Step 6: Implement and integrate UC
UC implementation revolves around the capabilities of applications and their ability to integrate with other components of the enterprise. This certainly becomes trickier in a WFH setting because users need to be able to access their UC tools as well as back-end systems, such as file servers and storage, in a seamless manner. The more systems that live in the cloud, the easier this tends to be.
For example, many people have given up their landlines at home but don't always have reliable cell service. For companies to assure proper access to voice calls, they might have to provide users with softphone clients that can tie directly into the company's telephony system and have the same functionality as a desk phone.
TechTarget contributor Reda Chouffani shared how a Microsoft Teams implementation supports remote work:
- near real-time messaging and resource sharing for emergency communications;
- access to electronic files -- uploads, downloads and sharing;
- ability to use the computer and smartphone as a desk phone;
- ability to host and attend virtual meetings; and
- safeguards to ensure communication and data are protected.
Step 7: Manage UC
To properly manage UC, companies need insight into performance and security and the ability to optimize provisioning and ongoing administrative management, according to Nemertes' Lazar. Vendor-provided management tools don't always have these capabilities and often suffer from a lack of interoperability with other critical applications, such as those used for HR.
Cloud-based service-level agreements for UC services ensure service providers meet performance and availability metrics as well as uphold security standards. Reading the fine print on service-level agreements prevents an organization from being exposed to undue risk.
Managing UC is often a day-to-day experience where IT teams must keep up with the latest industry information. TechTarget editors have assembled a list of UC blogs to follow to stay up to date on product announcements, feature spotlights, changes to vendor roadmaps and more.
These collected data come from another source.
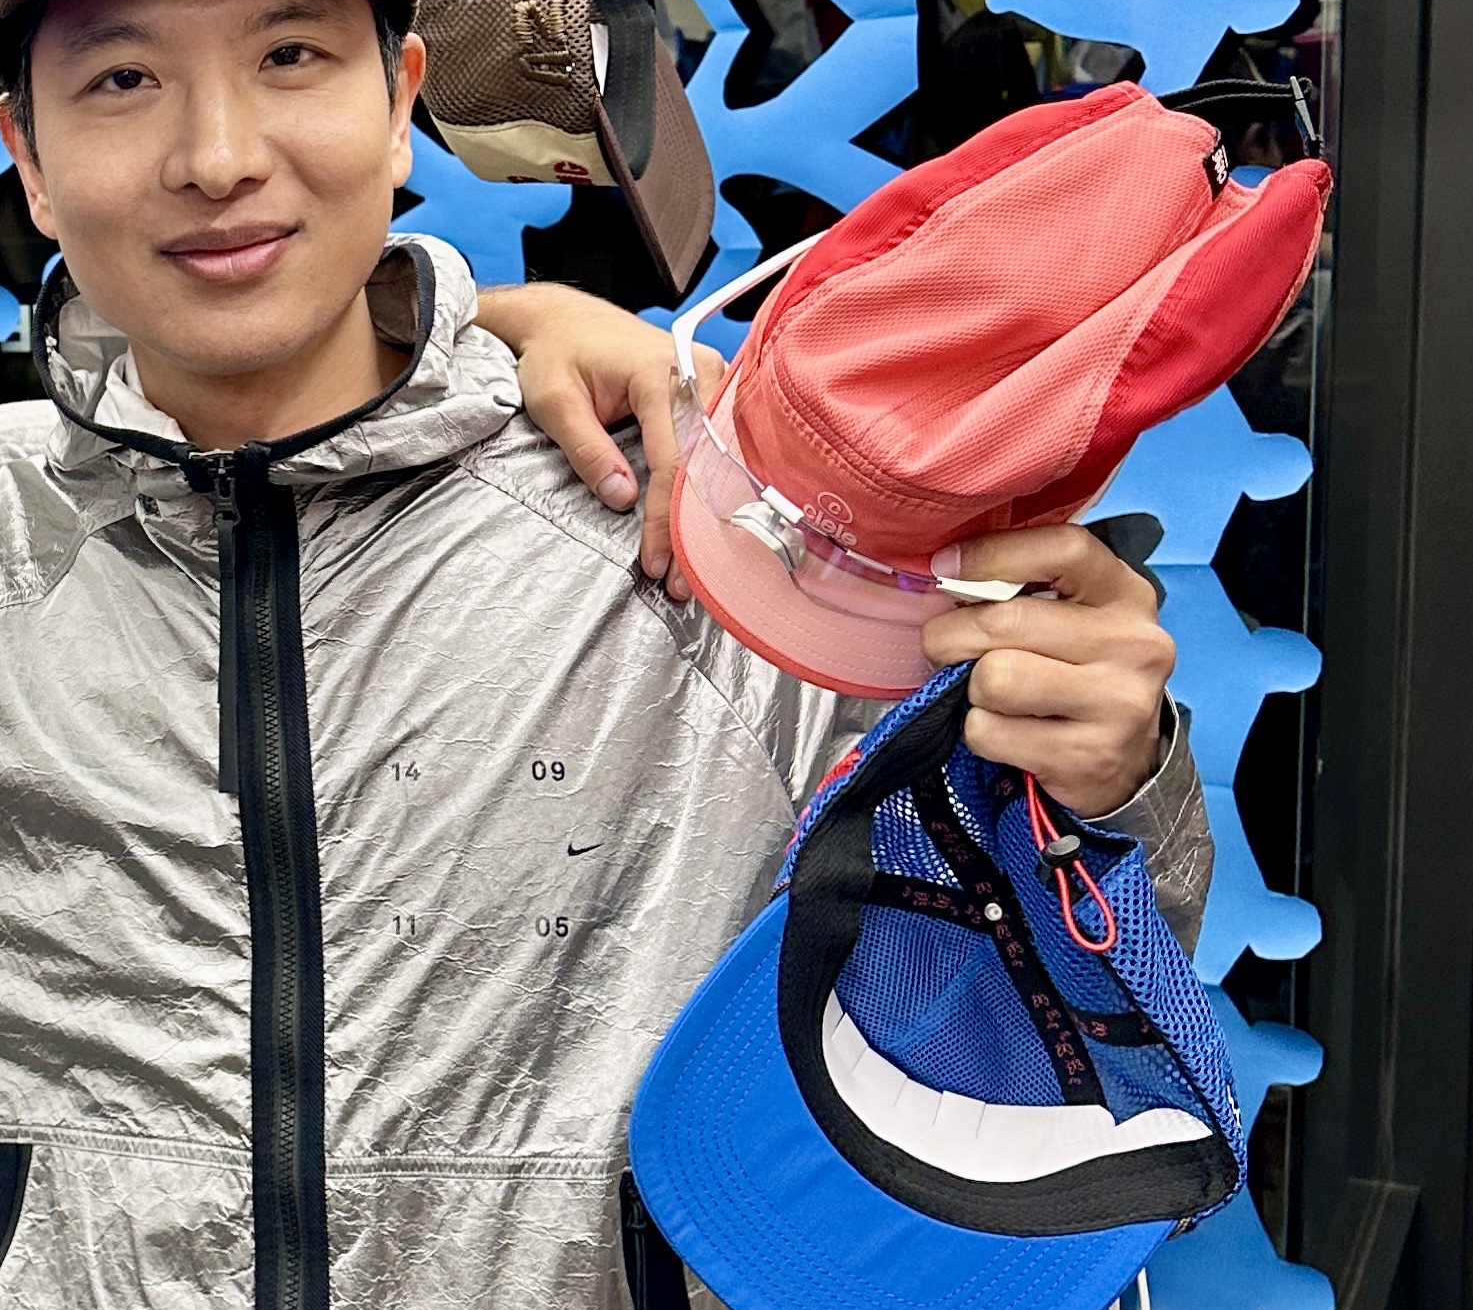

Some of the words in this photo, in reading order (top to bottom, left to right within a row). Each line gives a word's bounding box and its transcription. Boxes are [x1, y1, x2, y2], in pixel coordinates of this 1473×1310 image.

[802, 502, 859, 547] ciele
[390, 762, 422, 782] 14
[531, 760, 566, 782] 09
[391, 915, 418, 936] 11
[535, 916, 570, 938] 05
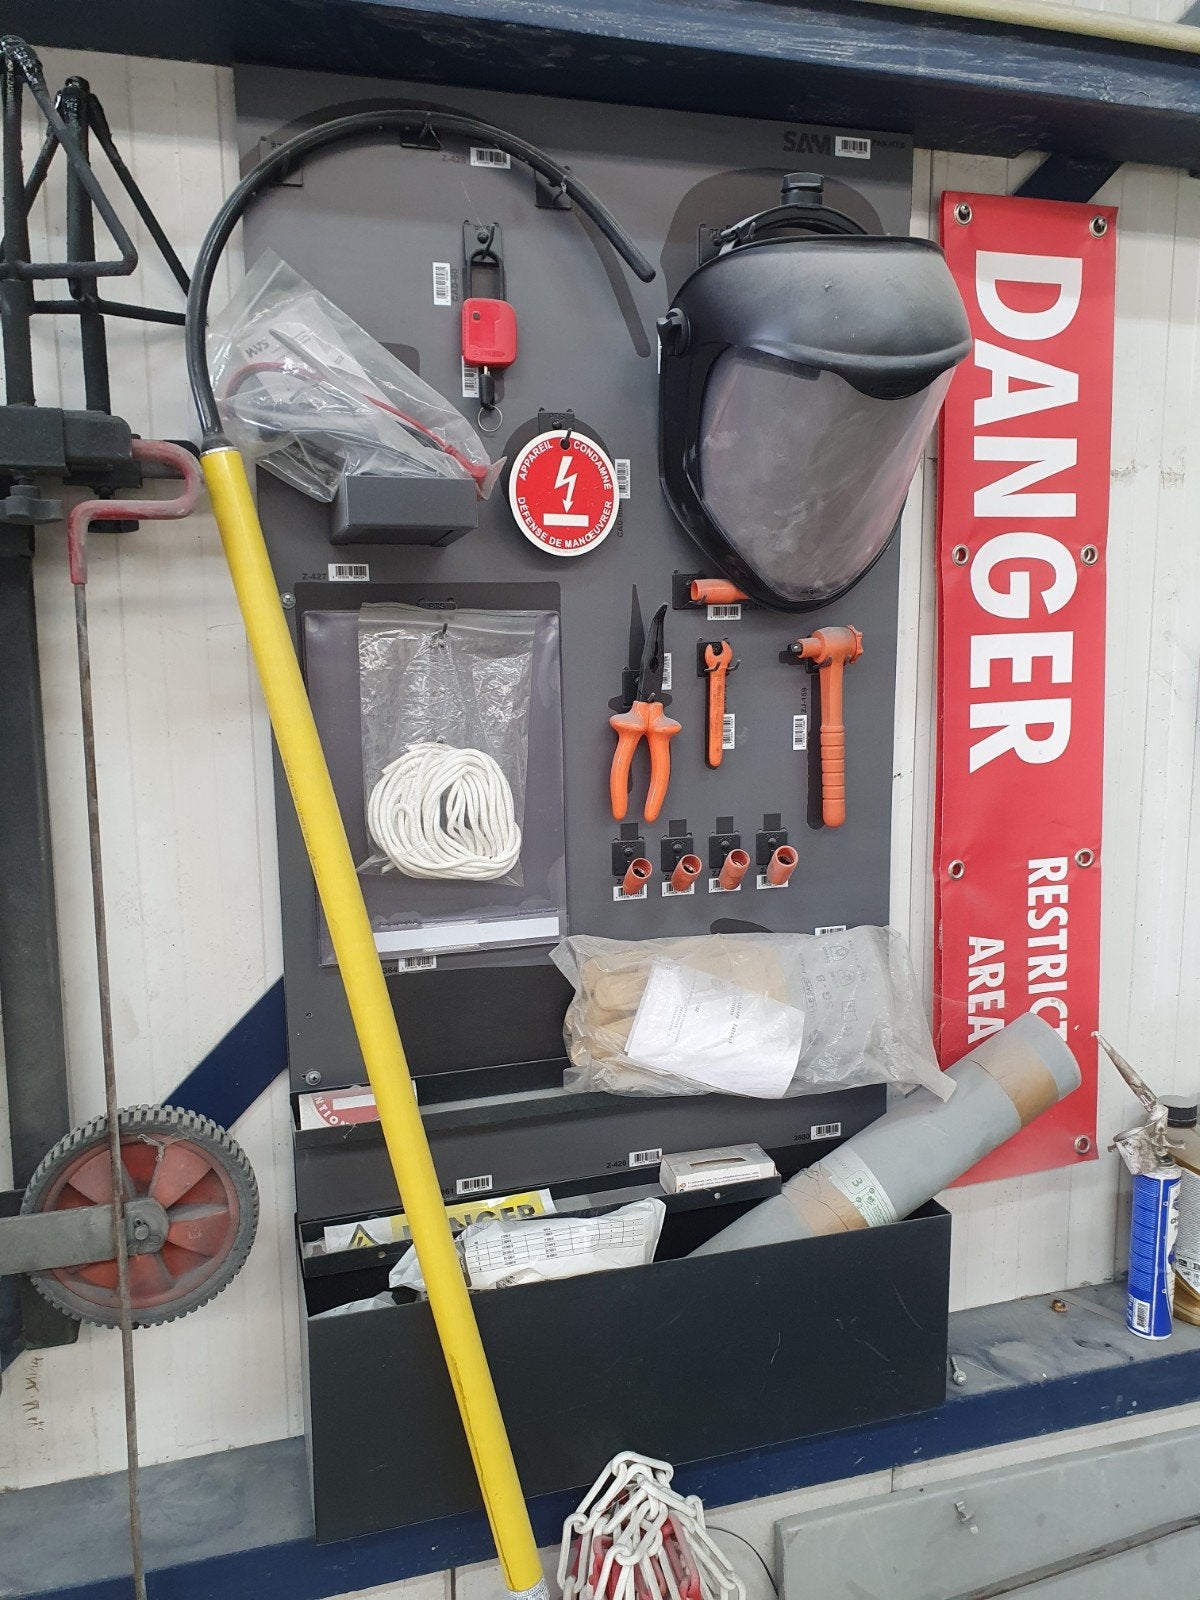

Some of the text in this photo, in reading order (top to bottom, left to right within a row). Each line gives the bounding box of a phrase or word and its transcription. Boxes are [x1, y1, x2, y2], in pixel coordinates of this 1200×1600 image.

[782, 130, 832, 156] SAM
[518, 440, 614, 491] APPAREIL CONDAMNÉ
[517, 496, 613, 548] DÉFENSE DE MANŒUVRER
[968, 249, 1083, 775] DANGER
[967, 936, 1005, 1044] AREA
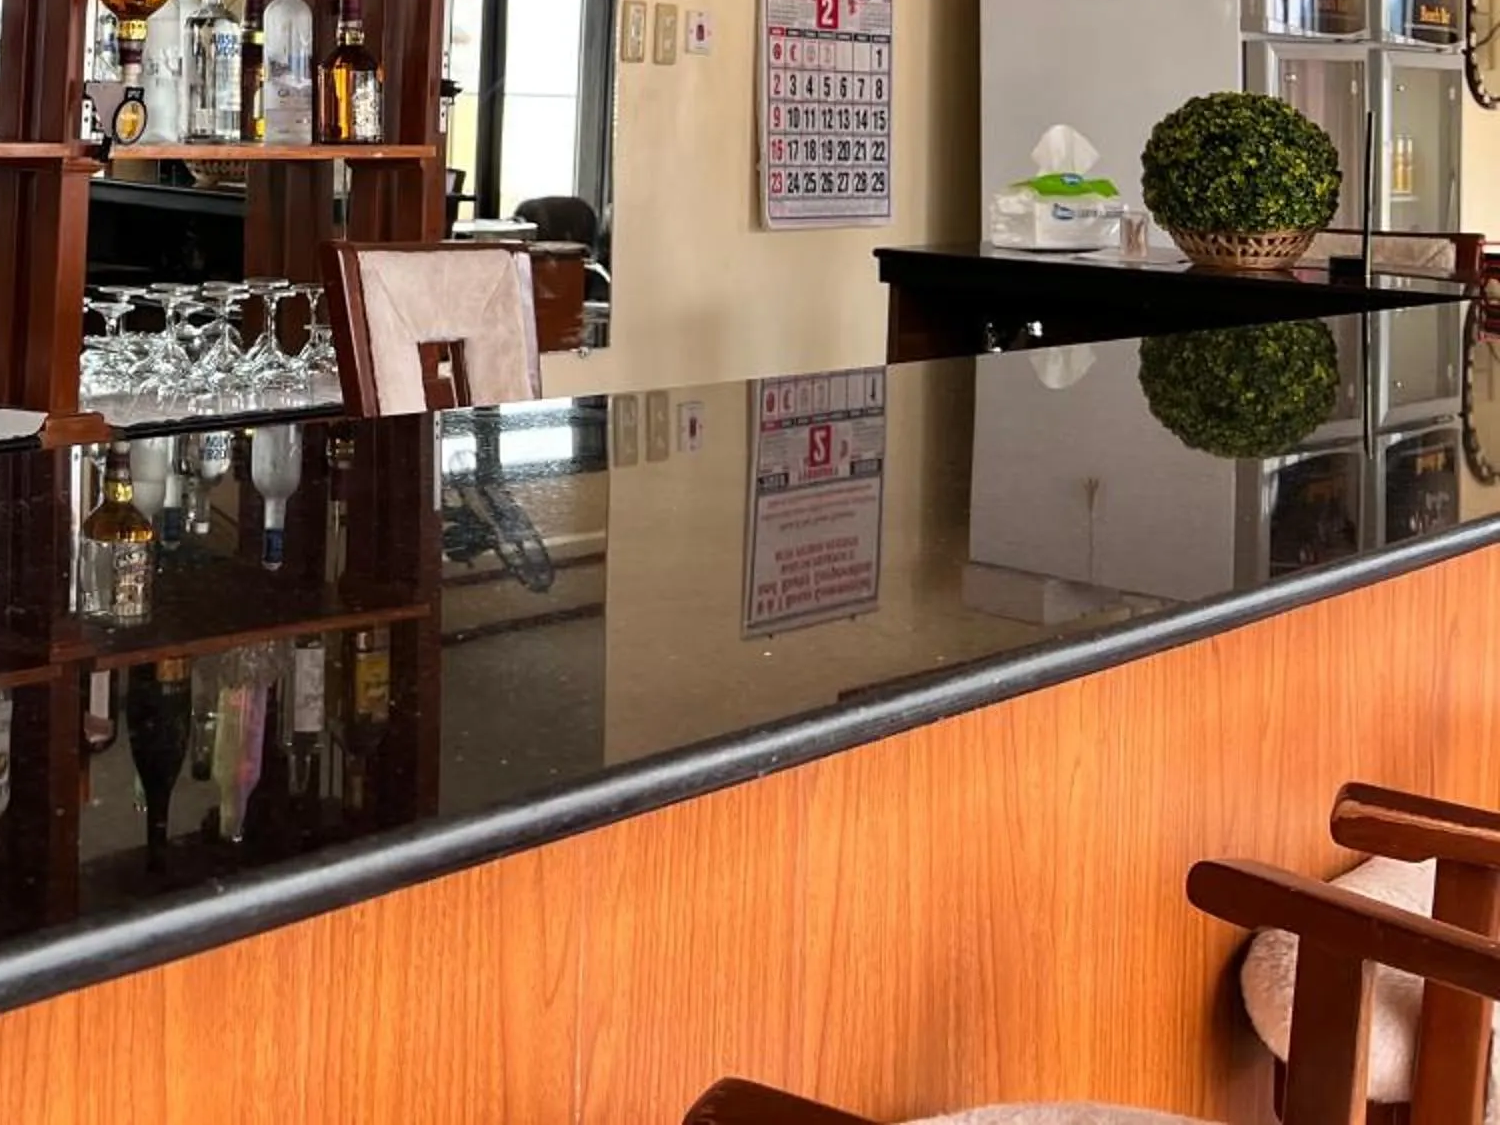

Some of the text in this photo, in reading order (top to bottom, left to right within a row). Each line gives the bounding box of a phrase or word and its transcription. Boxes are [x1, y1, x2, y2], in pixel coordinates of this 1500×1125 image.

[875, 49, 883, 68] 1
[773, 74, 883, 99] 2 3 4 5 6 7 8
[773, 107, 886, 131] 9 10 11 12 13 14 15
[787, 140, 799, 161] 17
[804, 139, 817, 161] 18
[822, 141, 833, 161] 19
[837, 141, 850, 161] 20
[855, 141, 867, 161] 21
[872, 141, 885, 162] 22
[787, 172, 800, 193] 24
[803, 172, 817, 193] 25
[838, 172, 849, 193] 27
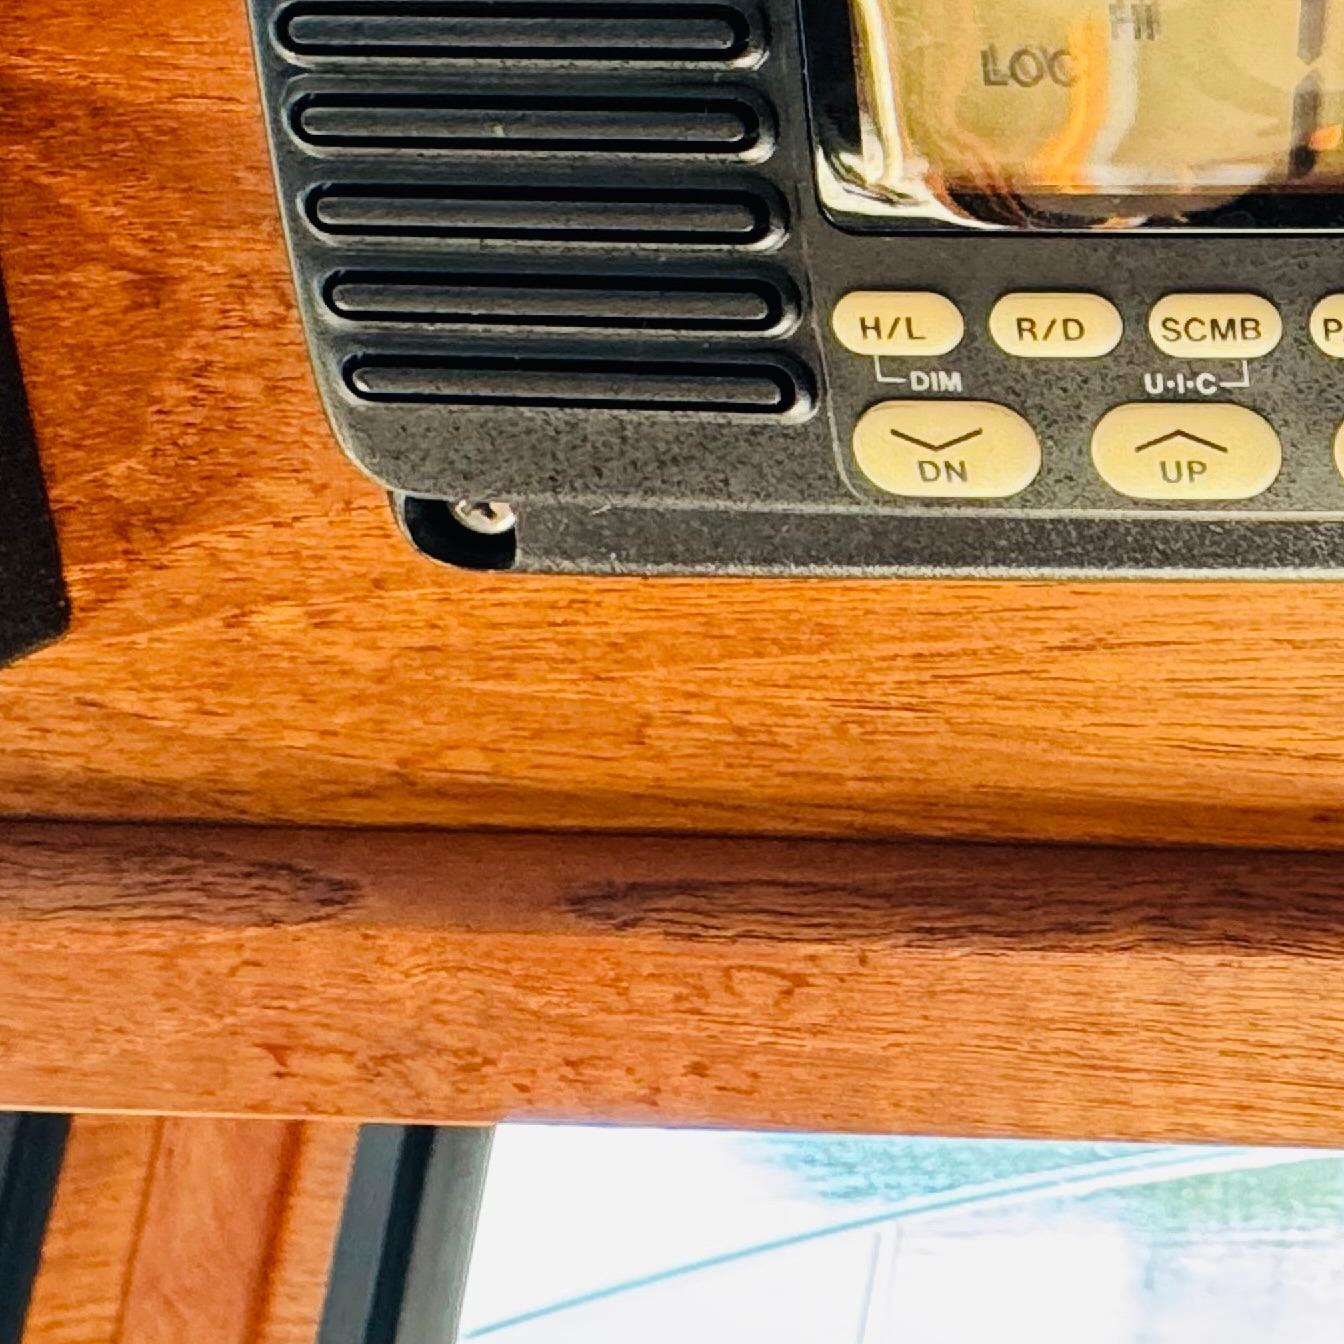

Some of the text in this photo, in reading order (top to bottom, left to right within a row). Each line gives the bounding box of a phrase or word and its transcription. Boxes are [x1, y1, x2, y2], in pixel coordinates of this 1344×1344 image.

[980, 44, 1078, 88] LOC
[859, 315, 927, 341] H/L
[1015, 316, 1086, 342] R/D
[1160, 317, 1263, 343] SCMB
[909, 370, 963, 393] DIM
[917, 459, 969, 483] DN
[1158, 459, 1209, 484] UP
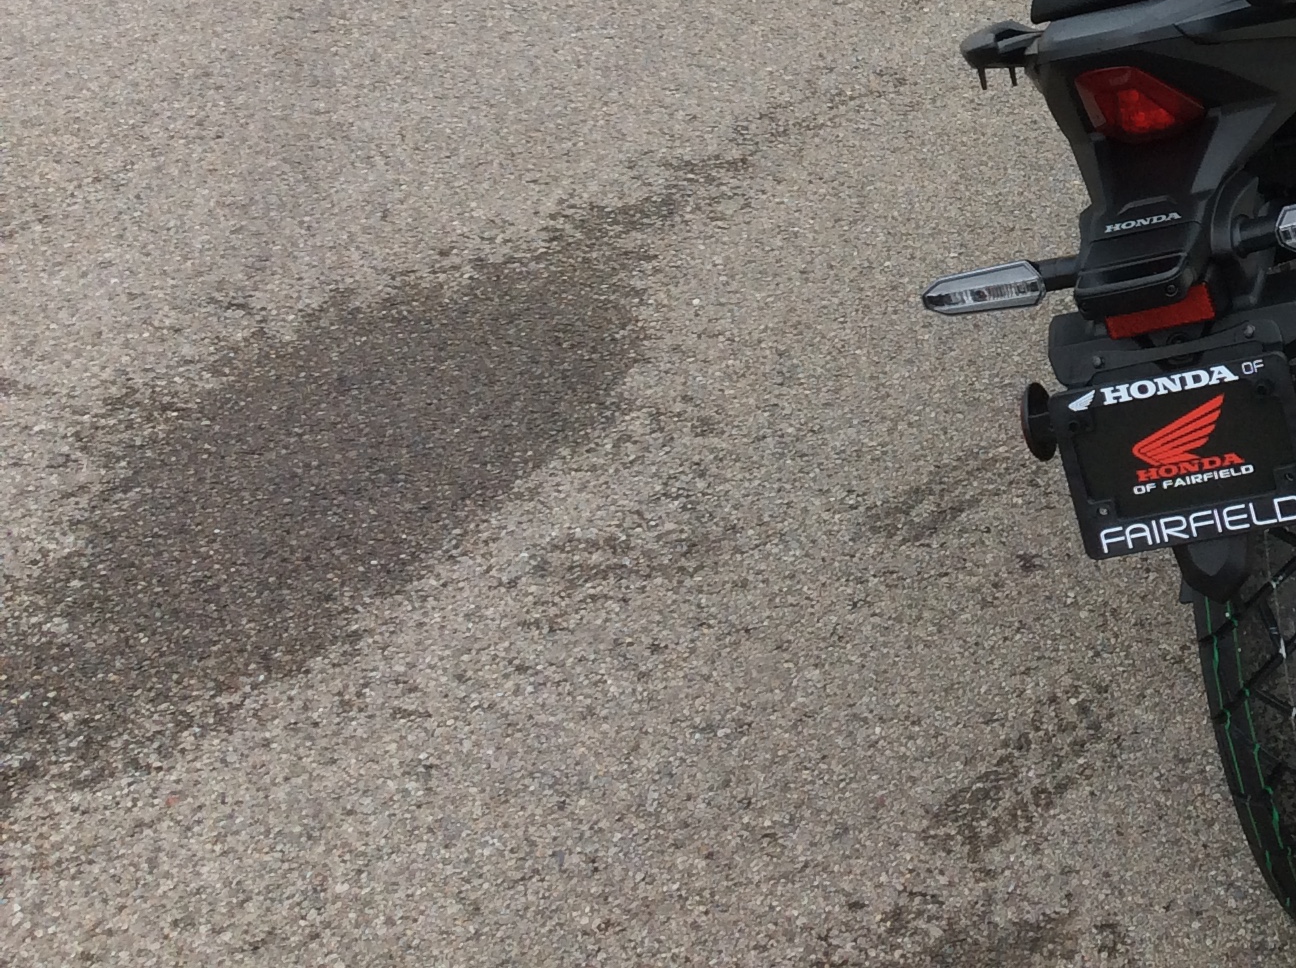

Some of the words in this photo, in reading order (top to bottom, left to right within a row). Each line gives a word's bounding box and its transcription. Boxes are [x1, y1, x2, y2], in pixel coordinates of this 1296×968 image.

IT leaders must continue to future-proof their UC strategy so they don't miss out on opportunities for innovation. TechTarget contributor Arnold recommended following three best practices:
- ensure vendors can support all the UC deployment models;
- proactively drive end-user adoption; and
- assess worker needs and preferences for collaboration.
Step 8: Train employees on UC
Getting the most from a UC deployment, including conferencing, chat and collaboration tools, requires users to be well trained on the features that optimize workflow and the compliance rules they must follow.
Creating a cheat sheet of tips and tricks for the organization's UC platform will help improve adoption rates and ensure users can fully engage with the application. For instance, team members can use the "To Dos" tab in Teams to track all the action items assigned to them during meetings. Highly regulated industries, including healthcare and finance, can implement compliance measures within the platform to protect sensitive corporate information and keep employee and customer data from leaking out. Check out eight useful tips for Microsoft Teams, such as teaching users how to connect to external users in a safe and compliant manner.
Help your users ace a video conference interview with these helpful tips.
To ensure maximum user engagement, organizations can create a formal UC adoption program. The program should enable employees to customize their collaboration workflows -- an effort the company's UC vendor or service provider should be able to help with or lead.
A successful UC strategy should result in positive experiences for employees and customers. Failing to properly train users will prevent an organization from extracting the most value from its UC investment.